PROVIDED INFORMATION section start
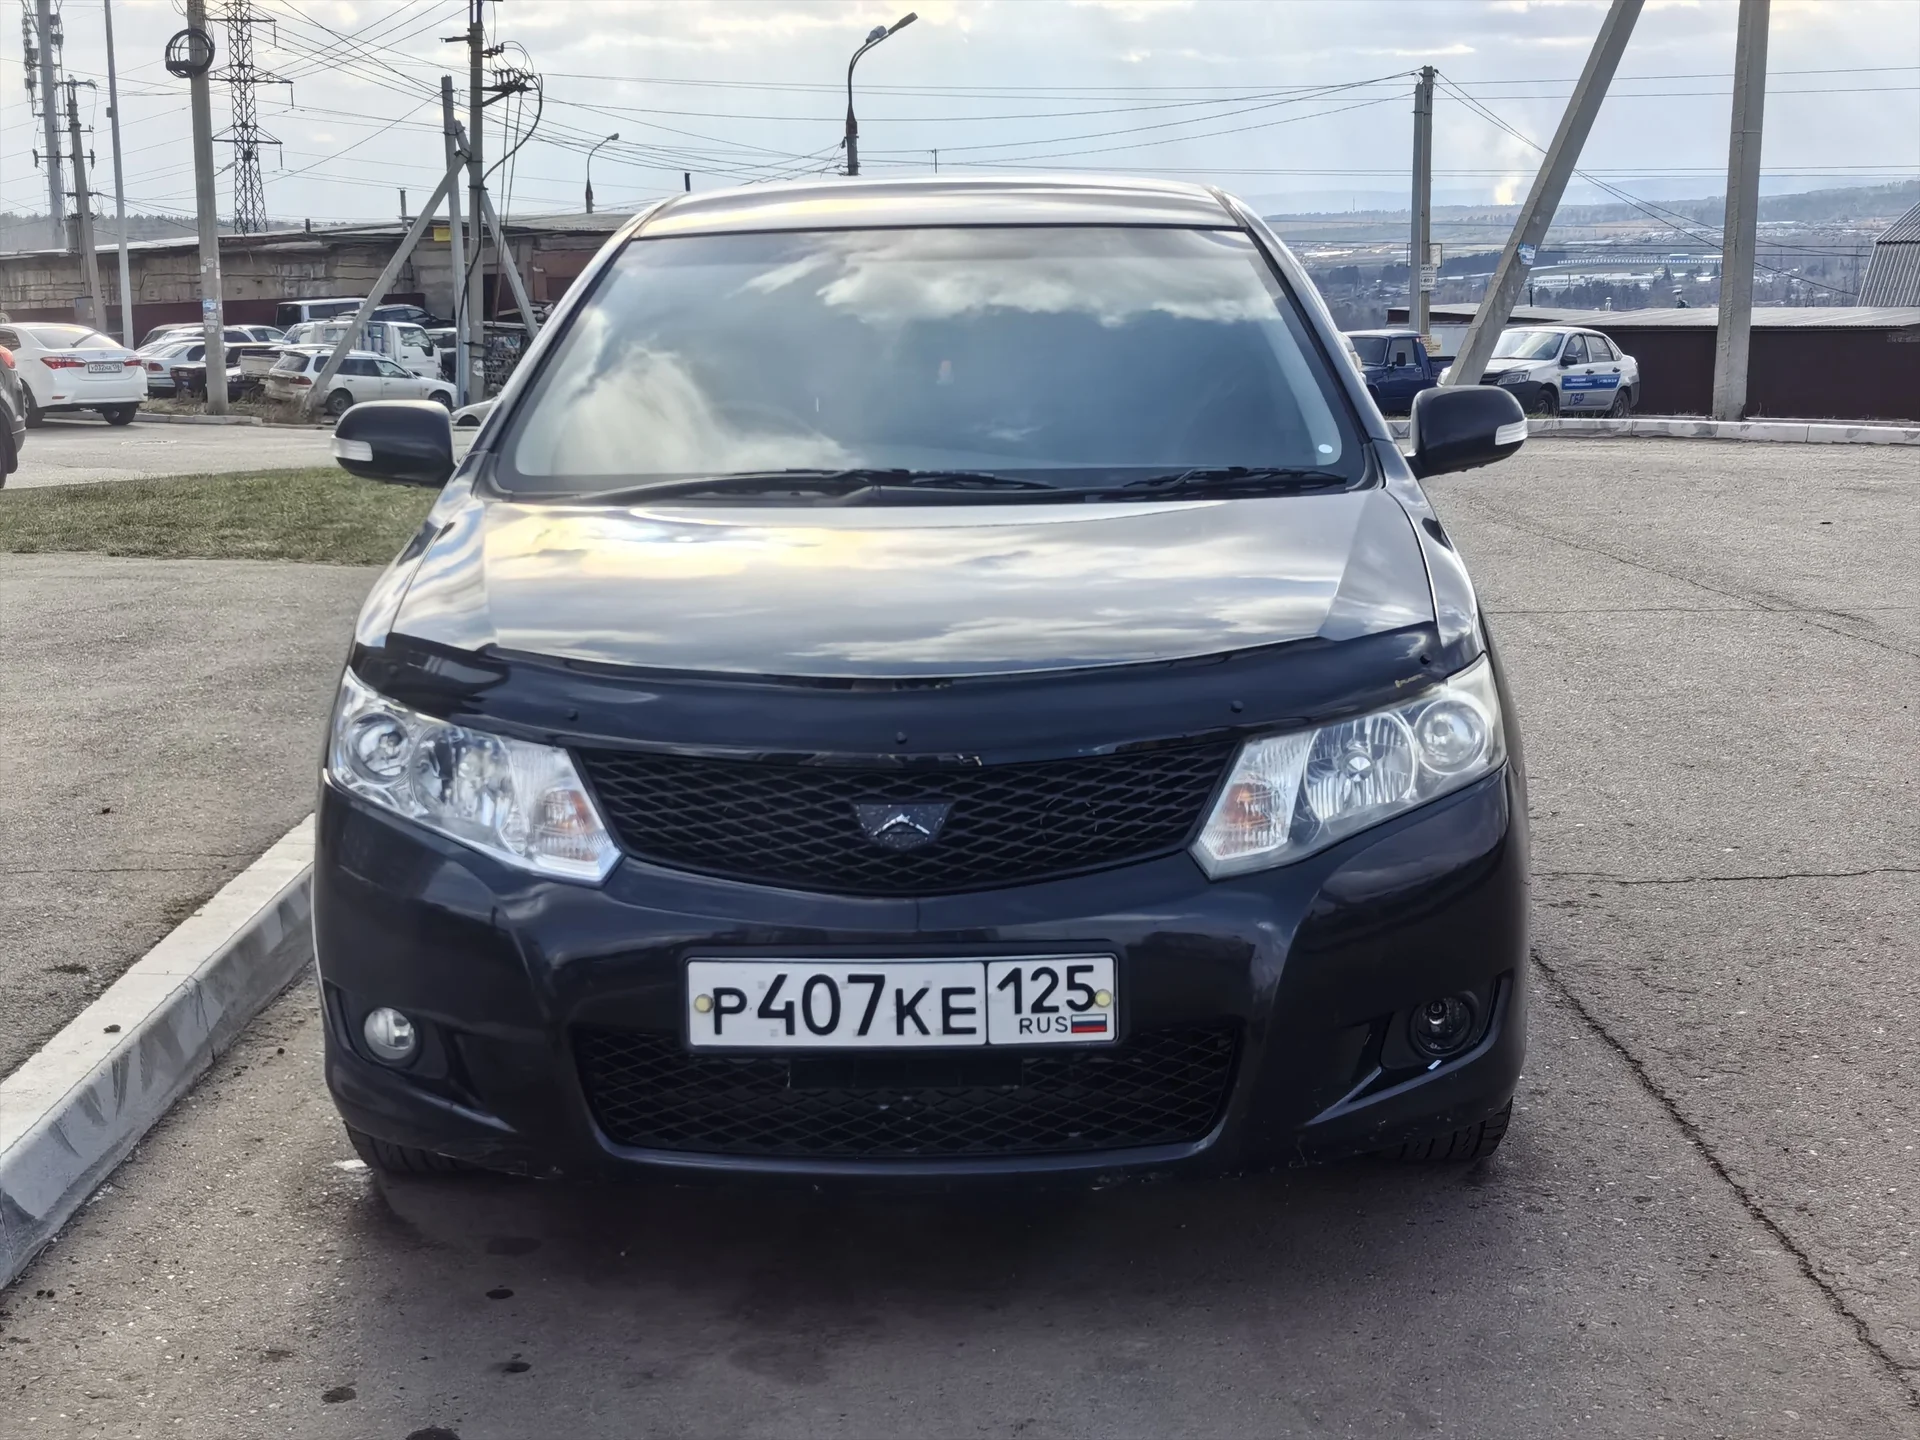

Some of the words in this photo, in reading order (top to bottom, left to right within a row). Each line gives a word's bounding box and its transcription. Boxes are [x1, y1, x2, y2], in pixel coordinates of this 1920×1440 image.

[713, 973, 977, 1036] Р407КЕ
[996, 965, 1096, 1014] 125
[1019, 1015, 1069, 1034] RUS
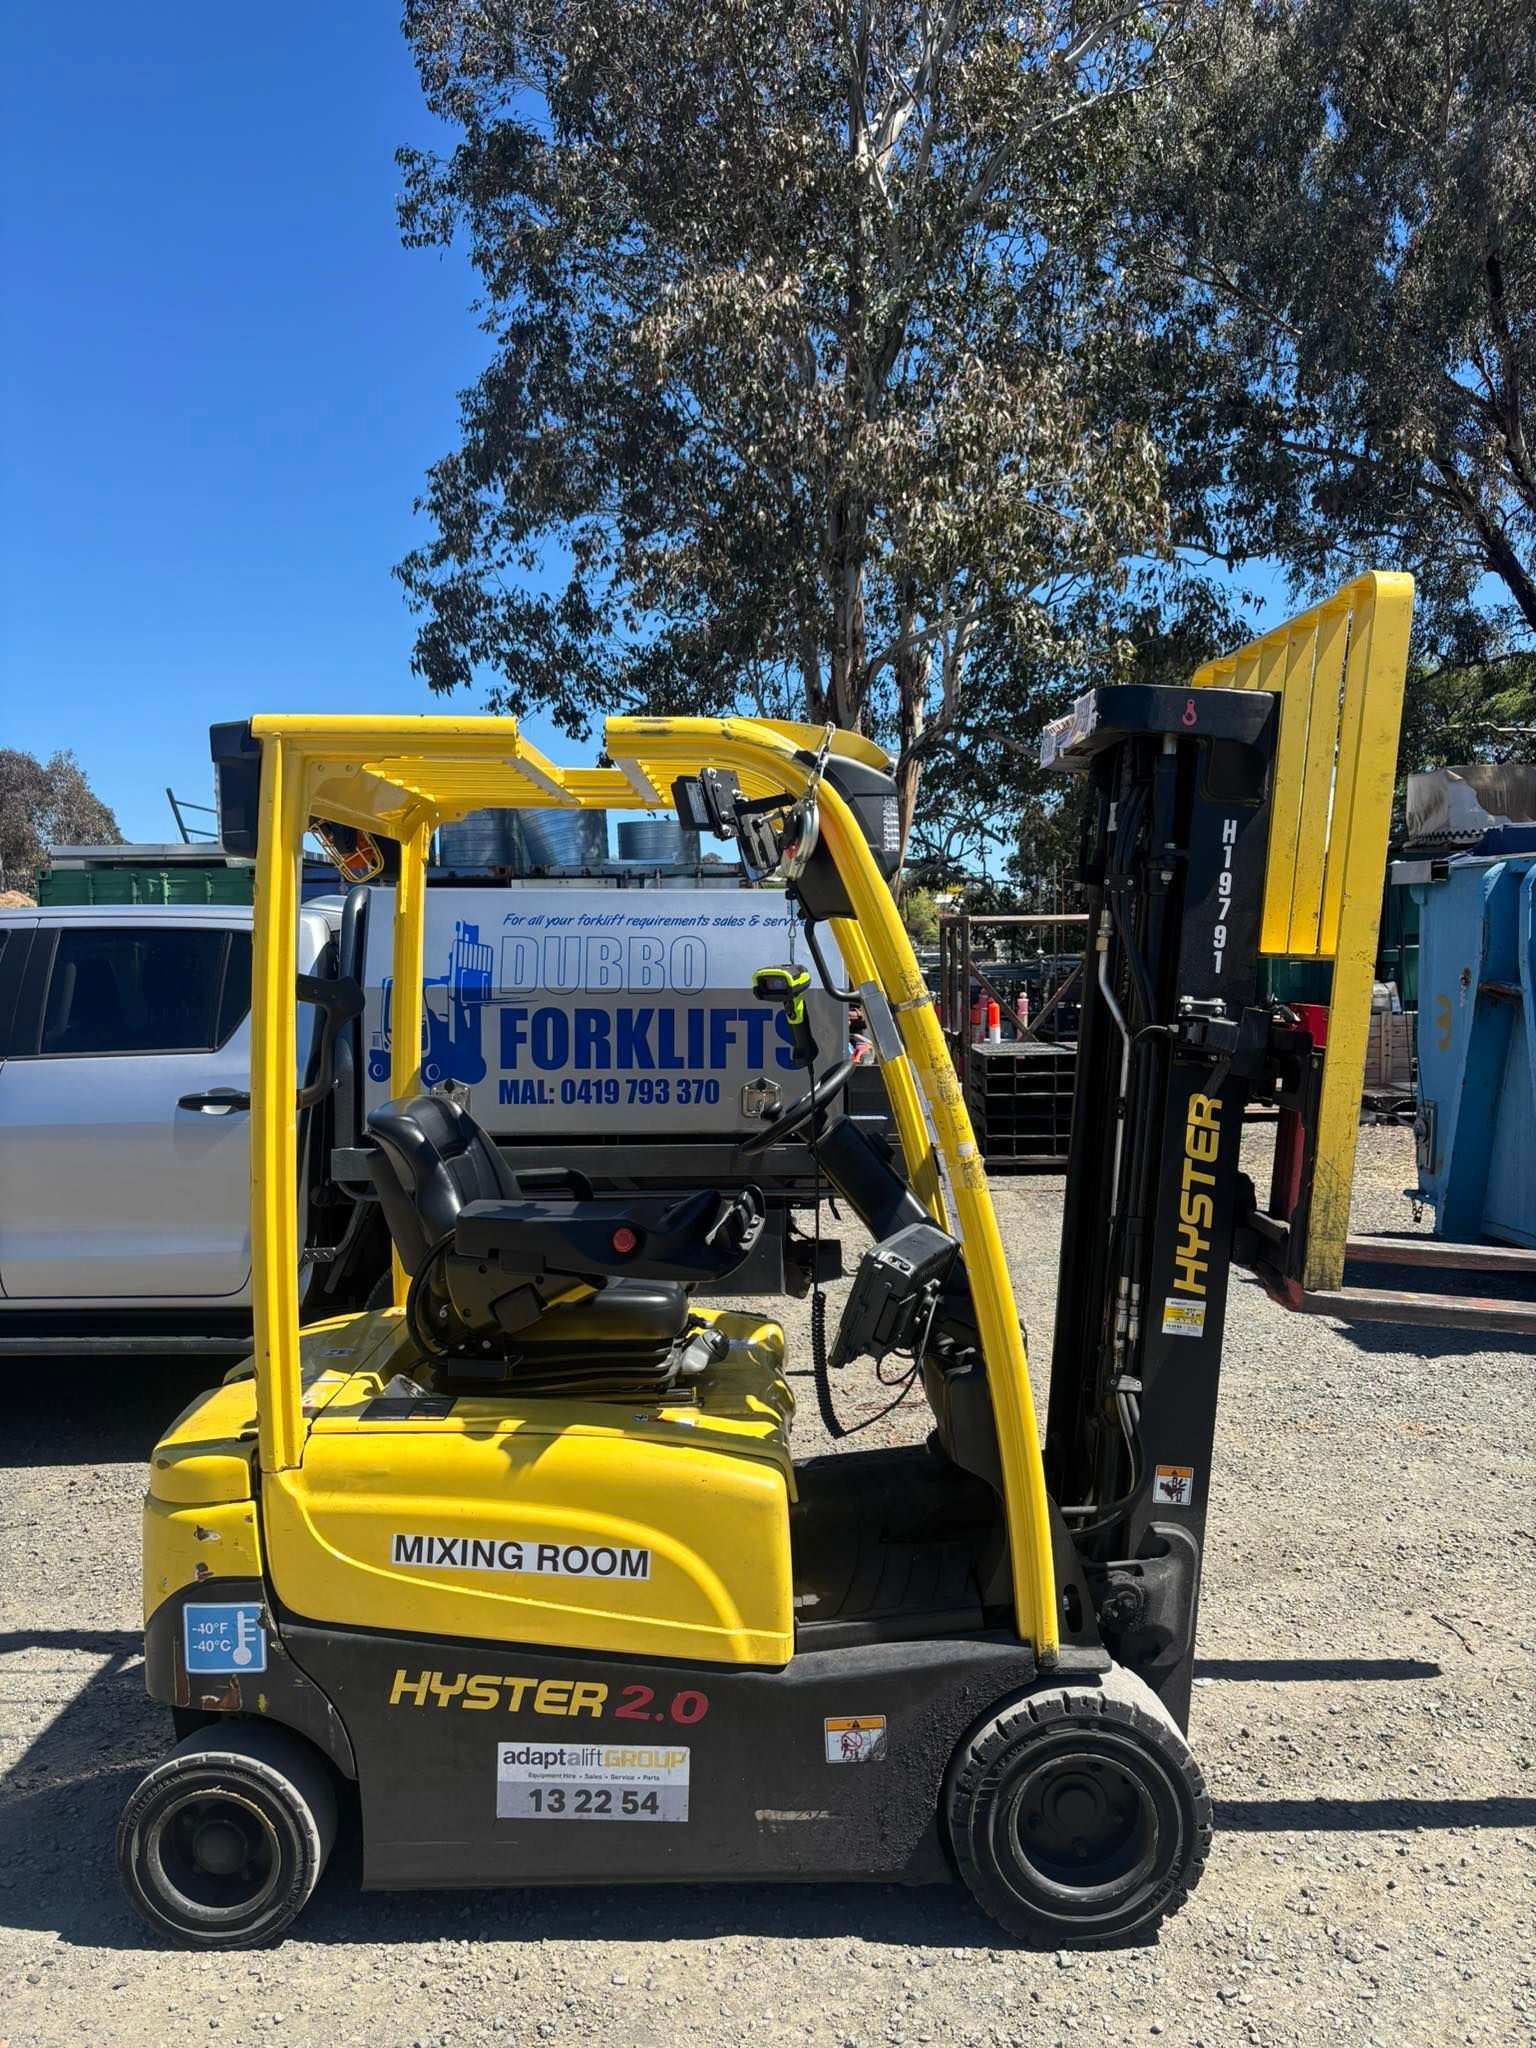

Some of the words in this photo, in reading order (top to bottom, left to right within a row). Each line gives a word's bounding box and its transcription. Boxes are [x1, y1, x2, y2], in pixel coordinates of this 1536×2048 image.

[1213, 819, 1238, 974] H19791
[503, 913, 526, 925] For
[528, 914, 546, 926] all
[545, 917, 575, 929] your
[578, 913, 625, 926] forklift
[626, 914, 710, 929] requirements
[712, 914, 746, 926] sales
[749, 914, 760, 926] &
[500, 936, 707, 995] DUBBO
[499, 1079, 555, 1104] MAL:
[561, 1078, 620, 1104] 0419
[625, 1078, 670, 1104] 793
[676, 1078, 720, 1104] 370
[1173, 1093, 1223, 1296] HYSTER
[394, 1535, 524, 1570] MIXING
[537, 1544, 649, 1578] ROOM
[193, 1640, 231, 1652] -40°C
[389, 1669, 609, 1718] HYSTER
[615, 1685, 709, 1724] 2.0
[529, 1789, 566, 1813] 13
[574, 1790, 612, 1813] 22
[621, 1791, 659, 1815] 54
PROVIDED INFORMATION section end
▸ TASK DETAILS
The records above must be repeated exactly, minus their pictures.

▸ SOLVED EXERCISE
Some of the words in this photo, in reading order (top to bottom, left to right within a row). Each line gives a word's bounding box and its transcription. Boxes are [x1, y1, x2, y2], in pixel coordinates of this 1920×1440 image.

[713, 973, 977, 1036] Р407КЕ
[996, 965, 1096, 1014] 125
[1019, 1015, 1069, 1034] RUS

Some of the words in this photo, in reading order (top to bottom, left to right within a row). Each line gives a word's bounding box and its transcription. Boxes are [x1, y1, x2, y2], in pixel coordinates of this 1536×2048 image.

[1213, 819, 1238, 974] H19791
[503, 913, 526, 925] For
[528, 914, 546, 926] all
[545, 917, 575, 929] your
[578, 913, 625, 926] forklift
[626, 914, 710, 929] requirements
[712, 914, 746, 926] sales
[749, 914, 760, 926] &
[500, 936, 707, 995] DUBBO
[499, 1079, 555, 1104] MAL:
[561, 1078, 620, 1104] 0419
[625, 1078, 670, 1104] 793
[676, 1078, 720, 1104] 370
[1173, 1093, 1223, 1296] HYSTER
[394, 1535, 524, 1570] MIXING
[537, 1544, 649, 1578] ROOM
[193, 1640, 231, 1652] -40°C
[389, 1669, 609, 1718] HYSTER
[615, 1685, 709, 1724] 2.0
[529, 1789, 566, 1813] 13
[574, 1790, 612, 1813] 22
[621, 1791, 659, 1815] 54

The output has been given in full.